[Problem details] Your copy should match the listing below word for word, with no images in it.
[Exercise materials Boundary: Start]
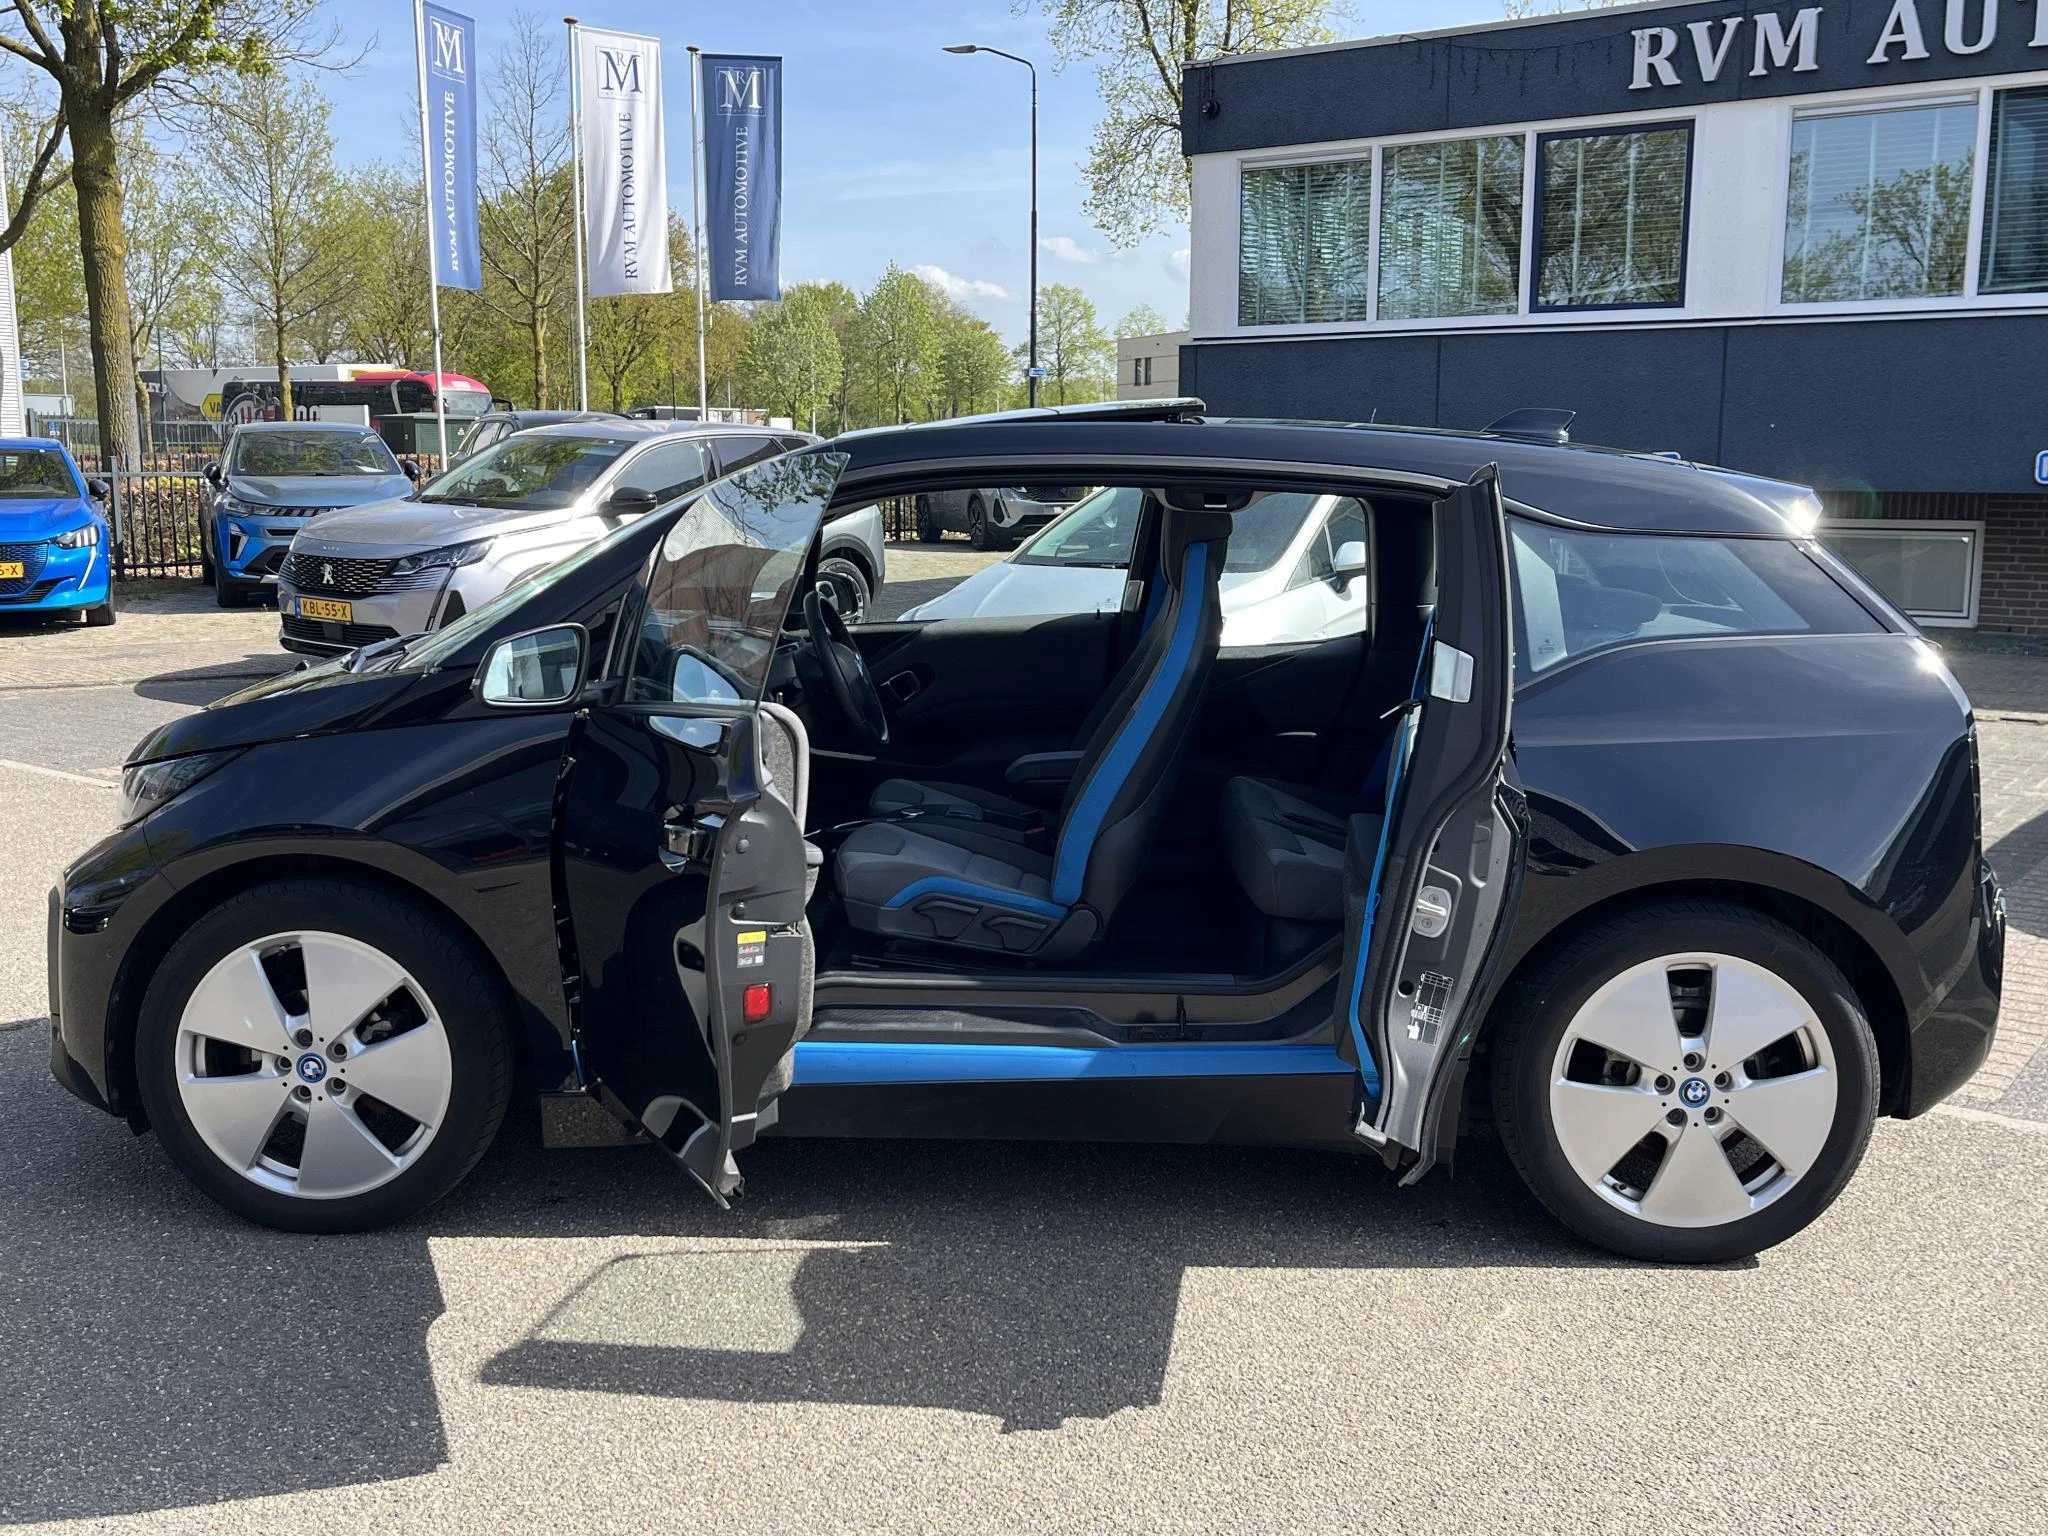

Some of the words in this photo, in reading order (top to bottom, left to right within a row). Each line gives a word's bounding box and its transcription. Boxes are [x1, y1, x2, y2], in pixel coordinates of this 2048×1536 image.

[1628, 7, 1823, 90] RVM
[1866, 0, 2048, 65] AU
[444, 90, 456, 226] AUTOMOTIVE
[618, 112, 636, 235] AUTOMOTIVE
[735, 126, 748, 244] AUTOMOTIVE
[449, 228, 459, 272] RVM
[624, 241, 638, 279] RVM
[735, 248, 748, 287] RVM
[302, 600, 348, 618] KBL-55-X
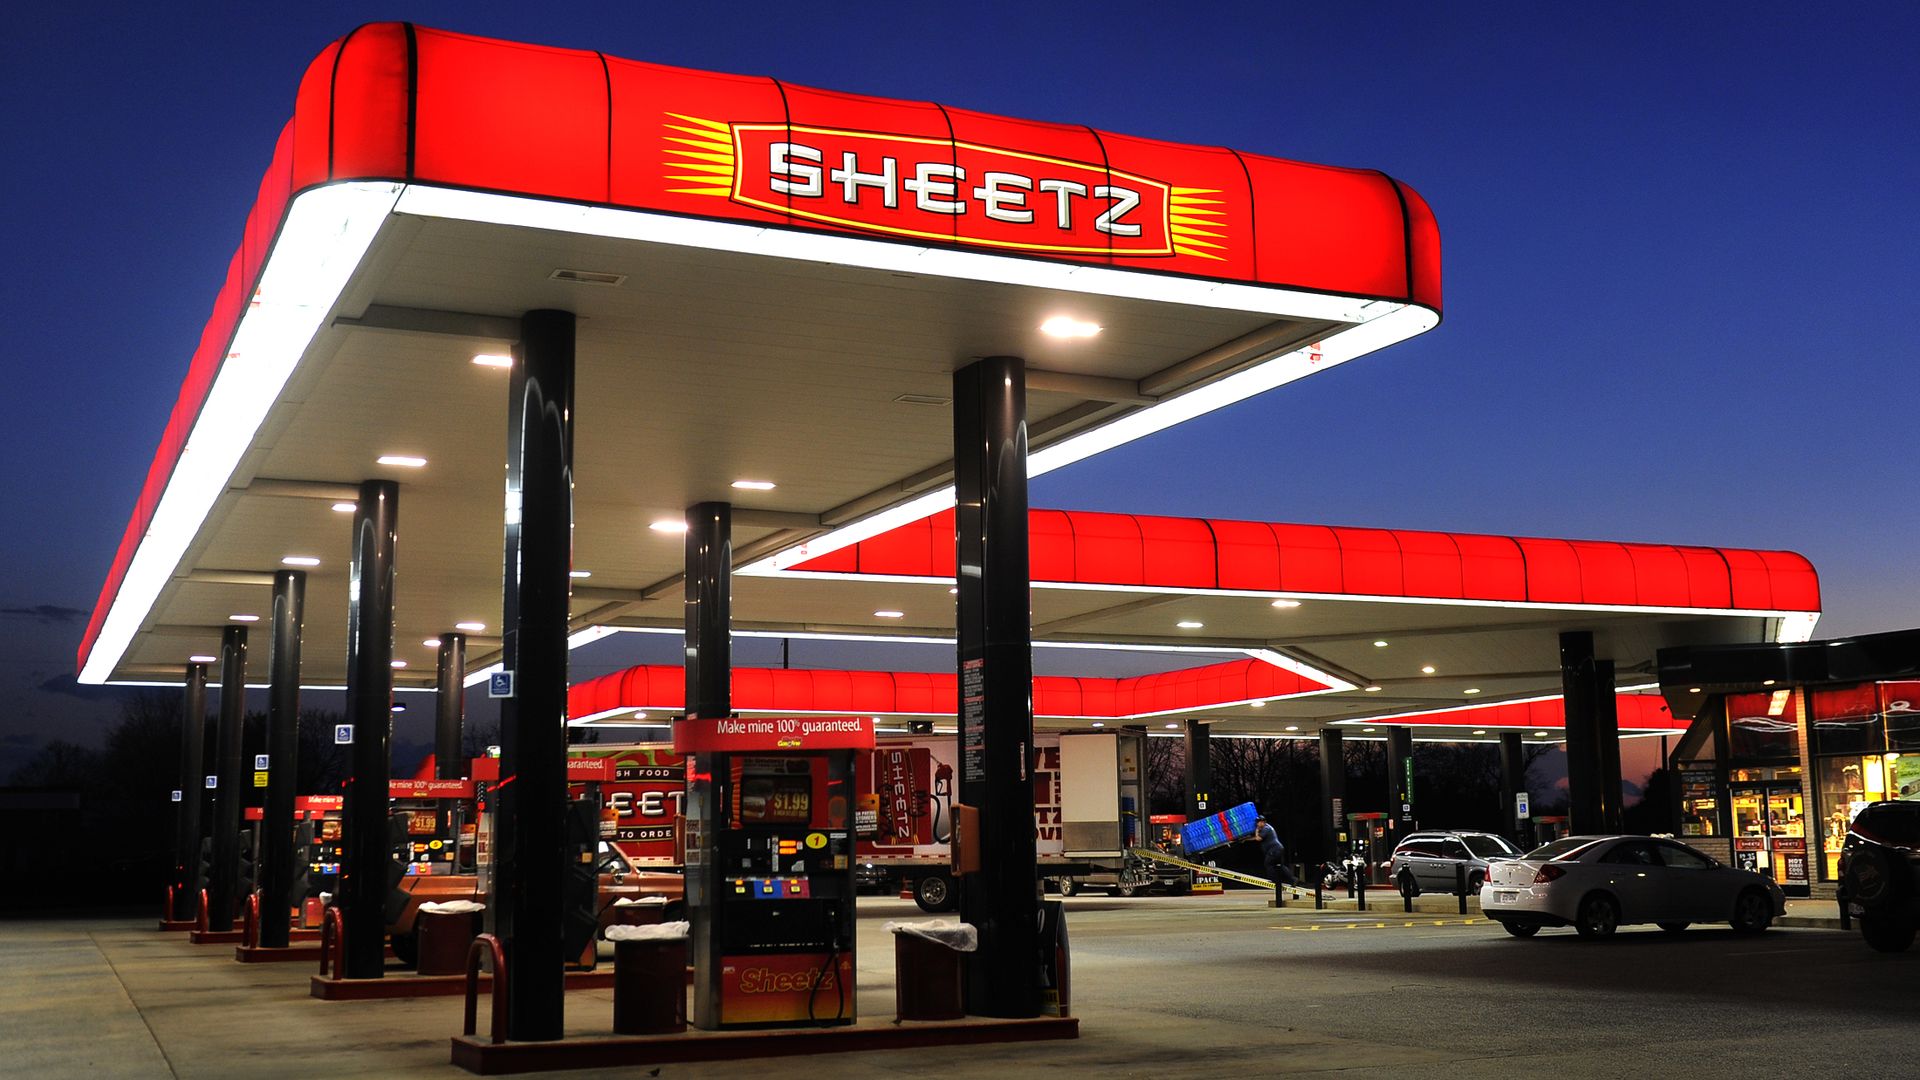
[Exercise materials Boundary: End]
[Response to this exercise]
Some of the words in this photo, in reading order (top to bottom, left to right within a row). Each line gives a word's bounding box and its transcription. Boxes are [x1, y1, x2, y2], in pixel coordinates of this 2048×1536 image.

[1628, 7, 1823, 90] RVM
[1866, 0, 2048, 65] AU
[444, 90, 456, 226] AUTOMOTIVE
[618, 112, 636, 235] AUTOMOTIVE
[735, 126, 748, 244] AUTOMOTIVE
[449, 228, 459, 272] RVM
[624, 241, 638, 279] RVM
[735, 248, 748, 287] RVM
[302, 600, 348, 618] KBL-55-X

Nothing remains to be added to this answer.